I read an article in Slashdot pointing to an article on Setting up a MySQL Load Balancing Cluster. For the longest time, MySQL has been able to only provide secondary read-only slave clusters. This way writes are only made on one MySQL server. Having a load balancing cluster opens up more possibilities for open source high performance database computing. This is made possible because of the new MySQL Cluster Storage Engine.

This tutorial shows how to configure a MySQL 5 cluster with three nodes: two storage nodes and one management node. This cluster is load-balanced by a high-availability load balancer that in fact has two nodes that use the Ultra Monkey package which provides heartbeat (for checking if the other node is still alive) and ldirectord (to split up the requests to the nodes of the MySQL cluster).

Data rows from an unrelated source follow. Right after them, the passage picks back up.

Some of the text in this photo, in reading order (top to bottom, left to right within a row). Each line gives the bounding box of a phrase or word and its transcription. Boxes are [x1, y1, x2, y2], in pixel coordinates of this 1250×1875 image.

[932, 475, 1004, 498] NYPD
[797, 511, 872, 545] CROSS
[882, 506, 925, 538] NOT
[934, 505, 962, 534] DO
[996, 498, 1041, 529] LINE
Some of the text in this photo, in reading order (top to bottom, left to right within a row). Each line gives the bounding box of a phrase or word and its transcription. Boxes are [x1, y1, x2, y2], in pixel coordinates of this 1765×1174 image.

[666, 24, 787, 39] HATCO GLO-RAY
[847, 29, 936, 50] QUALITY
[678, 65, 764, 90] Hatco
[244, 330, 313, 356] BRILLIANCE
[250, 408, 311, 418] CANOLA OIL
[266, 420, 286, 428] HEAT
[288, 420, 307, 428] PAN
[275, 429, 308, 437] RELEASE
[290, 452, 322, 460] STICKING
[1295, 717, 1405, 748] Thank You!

For all the RedHat/Fedora folk out there, here is a list of locations to look at for the required RPMs:

Note that the Ultramonkey applications (Heartbeat and Linux Virtual Server) and ldirectord are not integral parts of MySQL. This solution is not quite turn key yet. These are responsbile for providing Heartbeat services (ability to detect which nodes are available and cause highjacking when nodes are not) and load balancing. It should possible to build this solution directly using LVS, Heartbeat and ldirectord. Ultramonkey just provides a nice place to grab them all.

2 Responses to “MySQL Load Balancing Cluster Finally?”

  1. orly Says:

    The big problem with MySQL Cluster is that

    1) it is an in-memory implementation (which is not necessarily bad per-se)
    2) it is a very naive implementation

    MySQL basically went with the philosophy “let’s put everything in memory and mirror all transactions from one node to all the other nodes, and rely on the speed of the in-memory database to ensure consistency between nodes.”

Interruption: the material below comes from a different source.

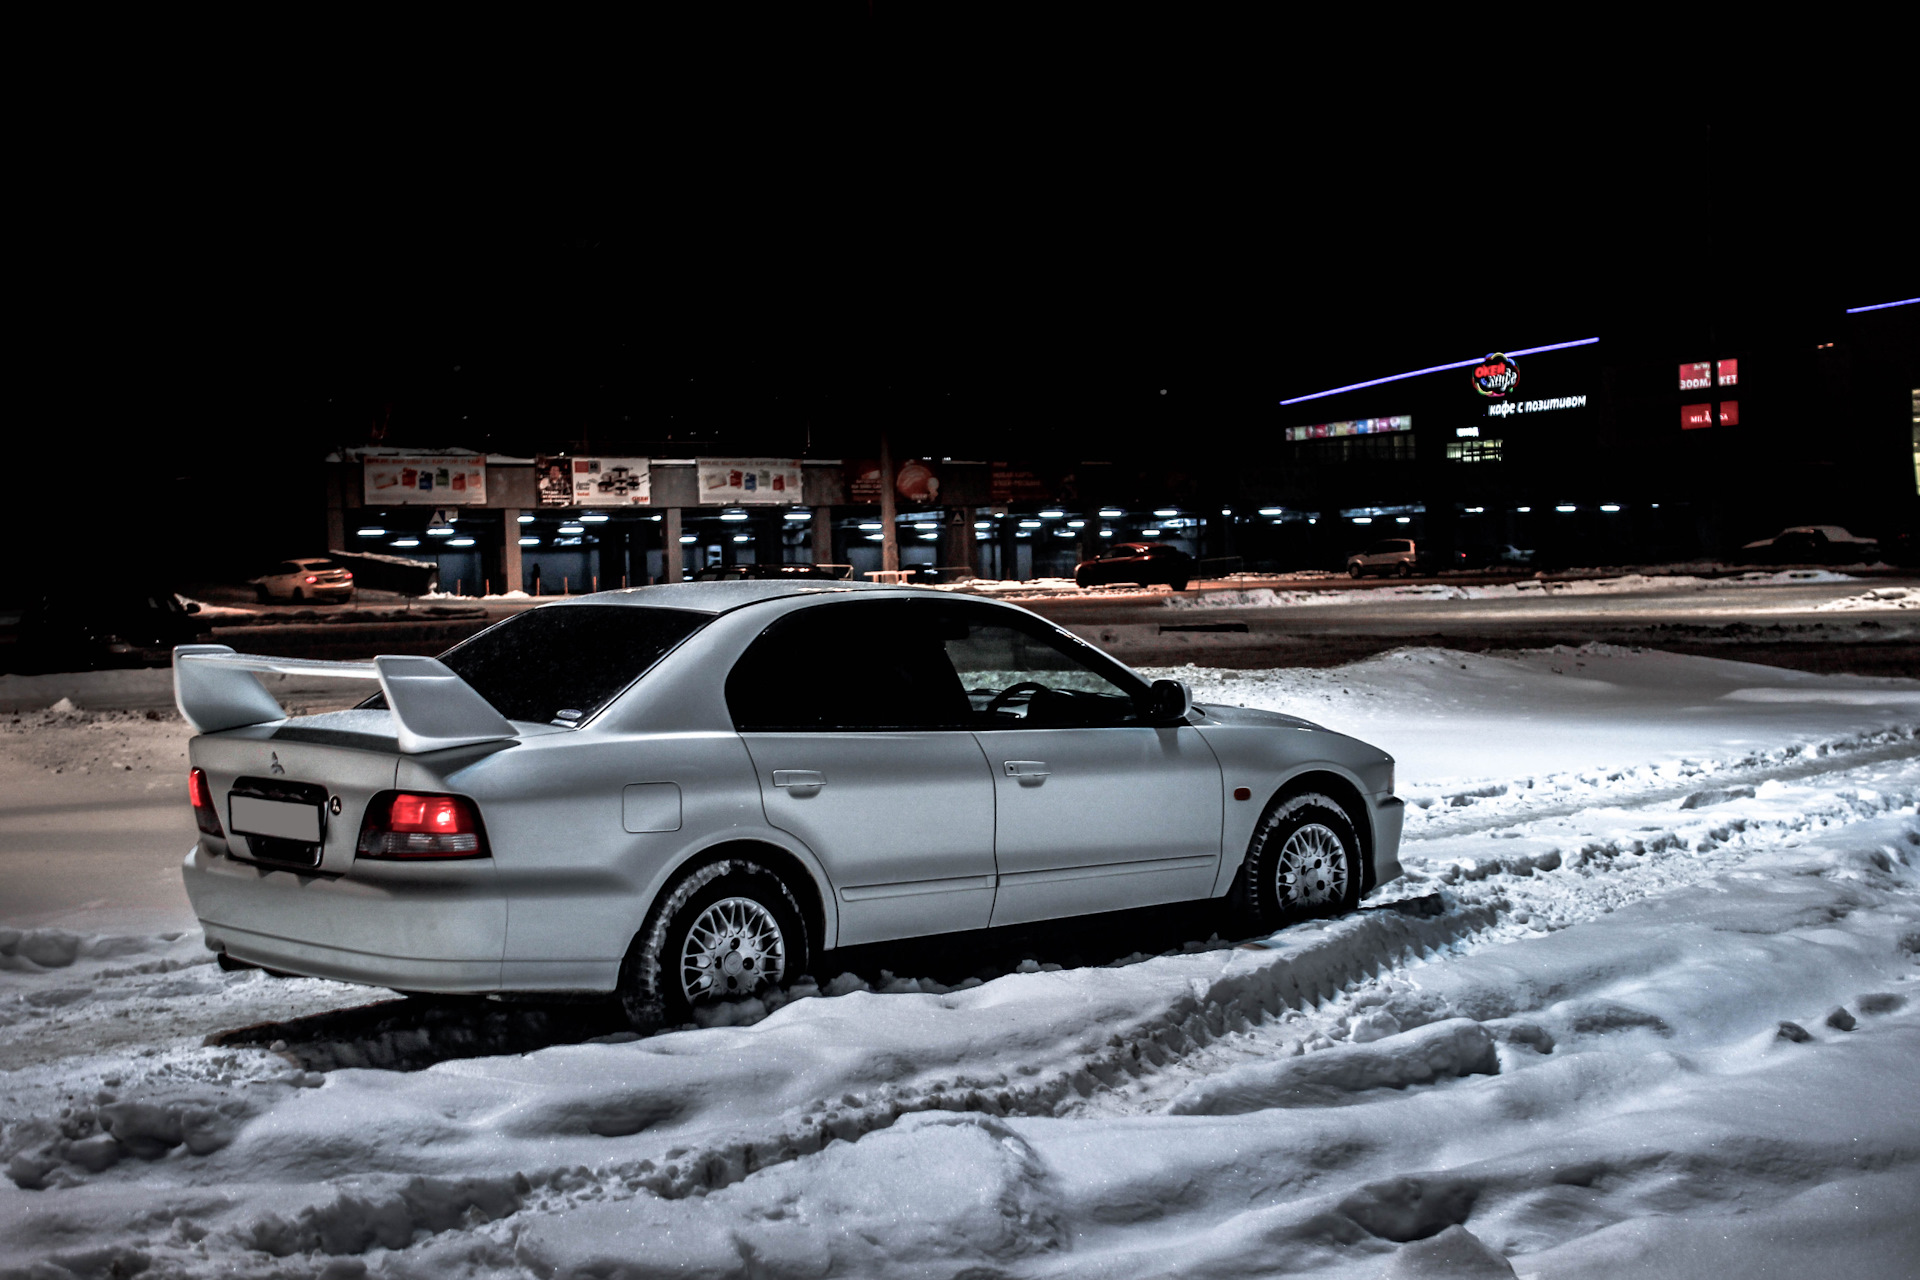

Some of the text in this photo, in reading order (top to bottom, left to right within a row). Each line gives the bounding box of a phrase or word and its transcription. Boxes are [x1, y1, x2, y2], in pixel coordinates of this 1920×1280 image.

    In-memory implementations aren’t the greatest because.. your data set is limited by memory size. And, most IMDB’s were originally designed as disk-based, so they make many assumptions (such as, disk is slow, we need to have a buffer cache..) which are not necessary or vastly simplified in a pure in-memory implementation.

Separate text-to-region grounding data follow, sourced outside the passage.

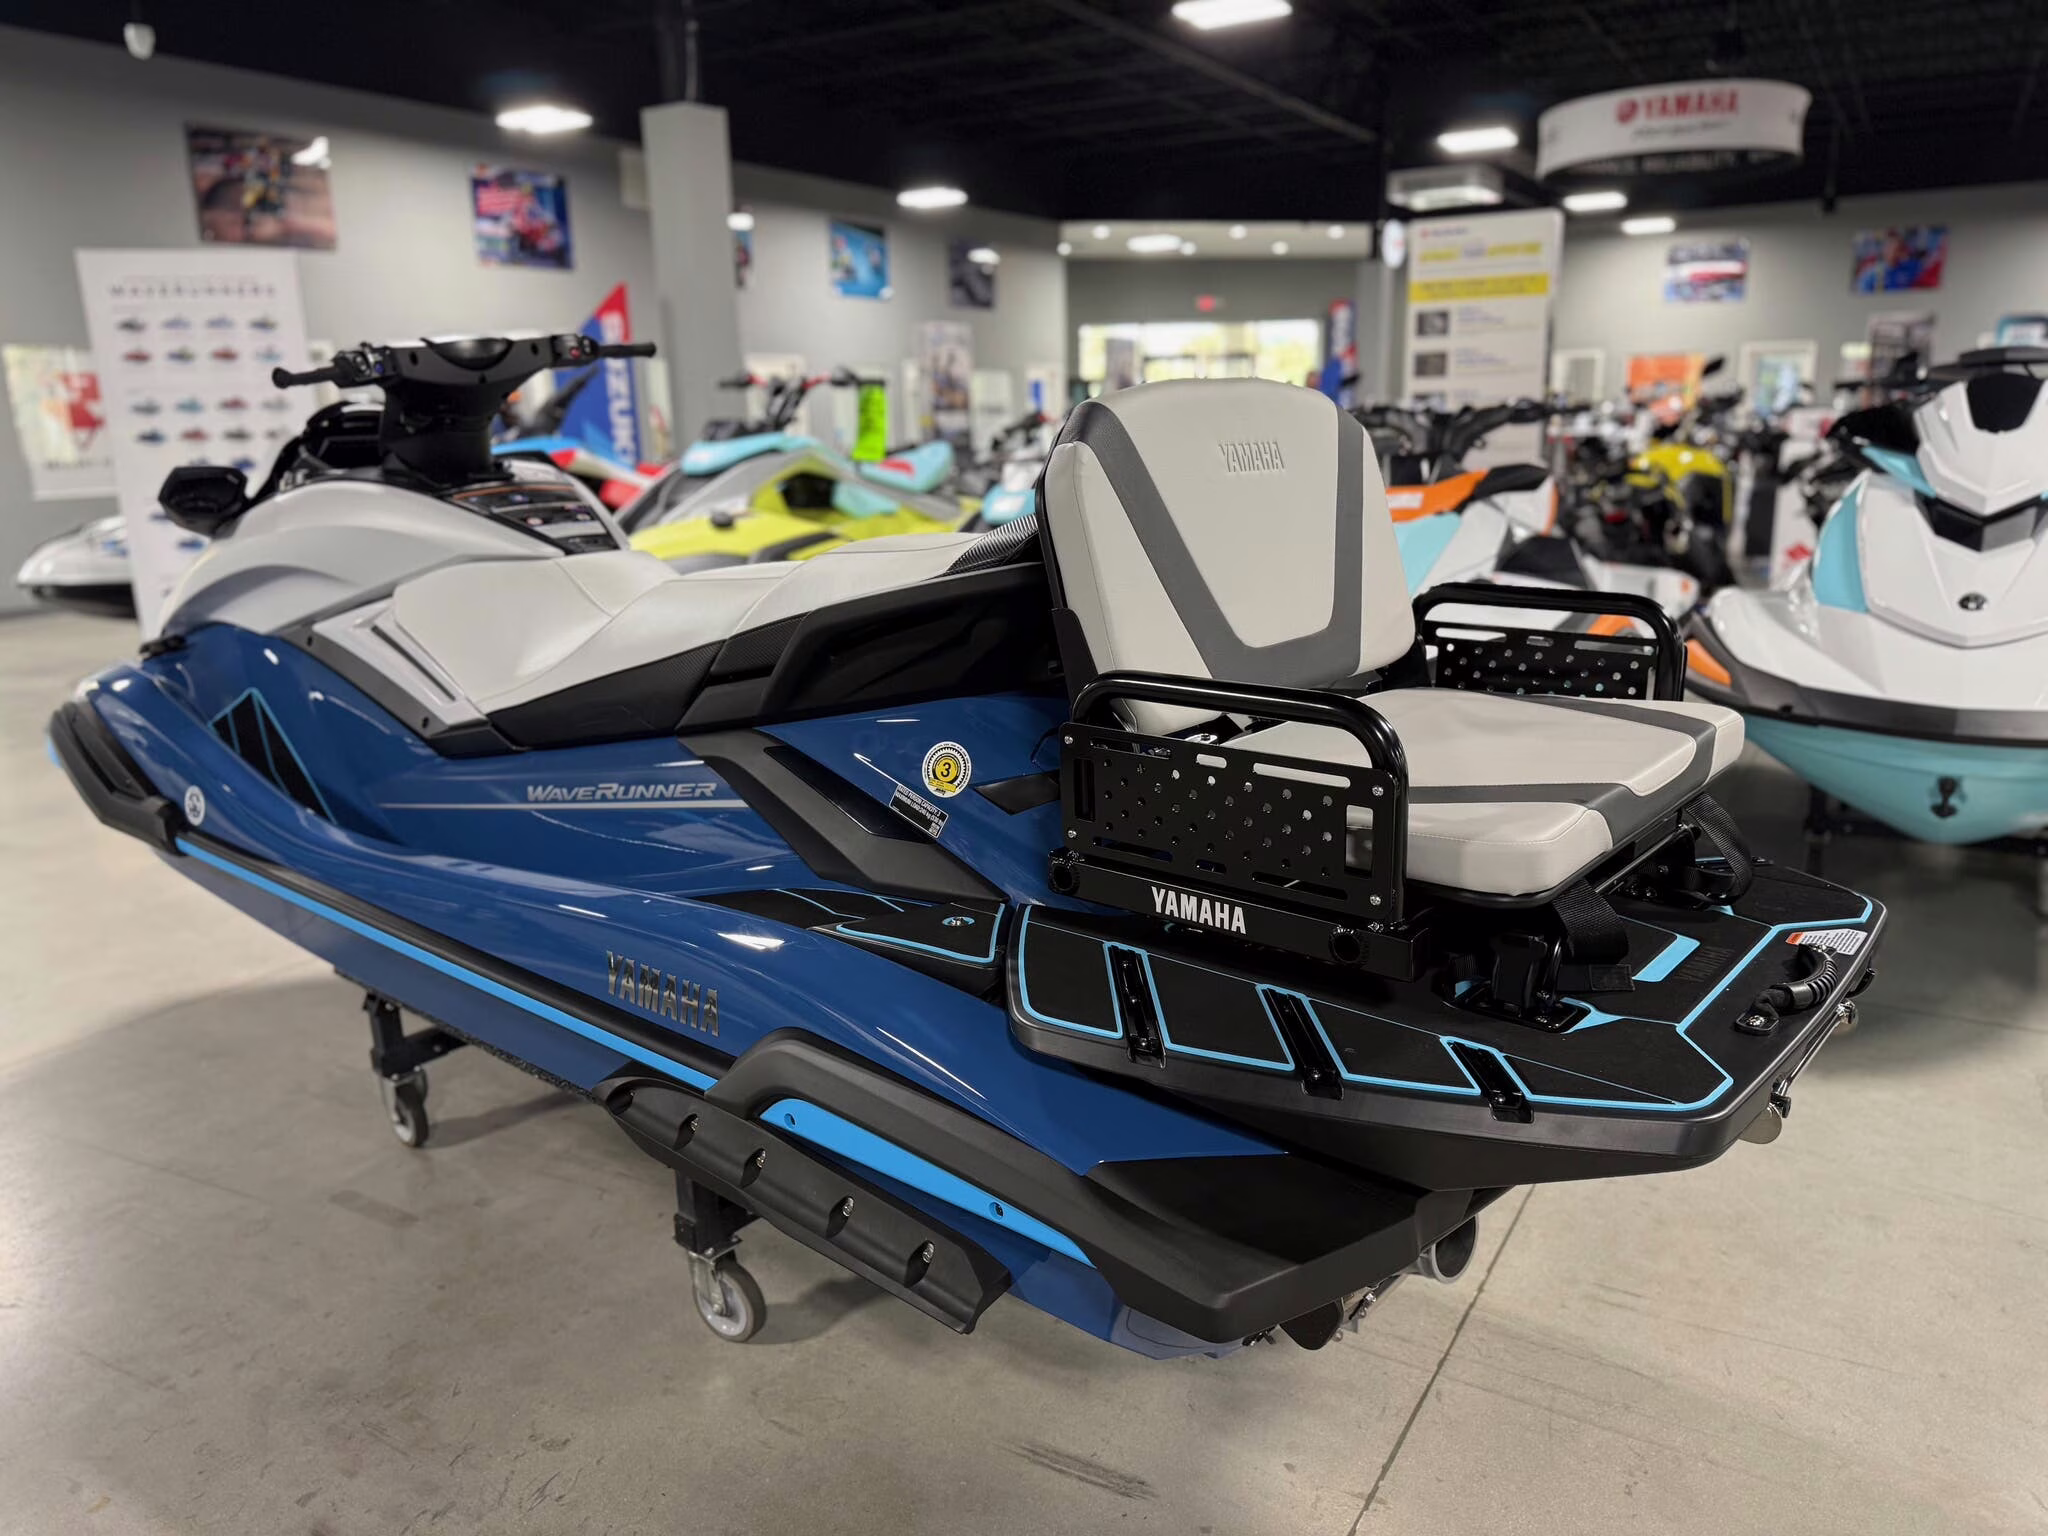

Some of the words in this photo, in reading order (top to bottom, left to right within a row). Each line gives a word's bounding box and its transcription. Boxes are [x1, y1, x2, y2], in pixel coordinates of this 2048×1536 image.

[1643, 89, 1740, 119] YAMAHA
[1218, 440, 1285, 473] YAMAHA
[940, 761, 952, 778] 3
[526, 782, 718, 801] WAVERUNNER
[1151, 885, 1247, 935] YAMAHA
[605, 949, 720, 1037] YAMAHA

    You can see the naivete of MySQL Cluster’s implementation, if you read their manual you need to provision about 3X to 4X the RAM for a given data store, e.g. if you have 1GB of data, you need 3G to 4G of RAM, accounting for all the overhead. This is quite inefficient even on 64-bit architectures, and is a side-effect of the fact MySQL Cluster’s in-memory DB technology was not designed from the beginning as an in-memory DB.

    There are several commercial IMDB competitors: ANTs, SOLID, Gigaspaces. I would guess any one of them would at least match MySQL Cluster performance wise. For a price of course.

  2. wyuwp Says:

    interesting…. that is probably the reason why it is fast! in-memory! whew! but not very fault tolerant i guess.

    since you work for larry now. i guess you can hark the benefits of his solution?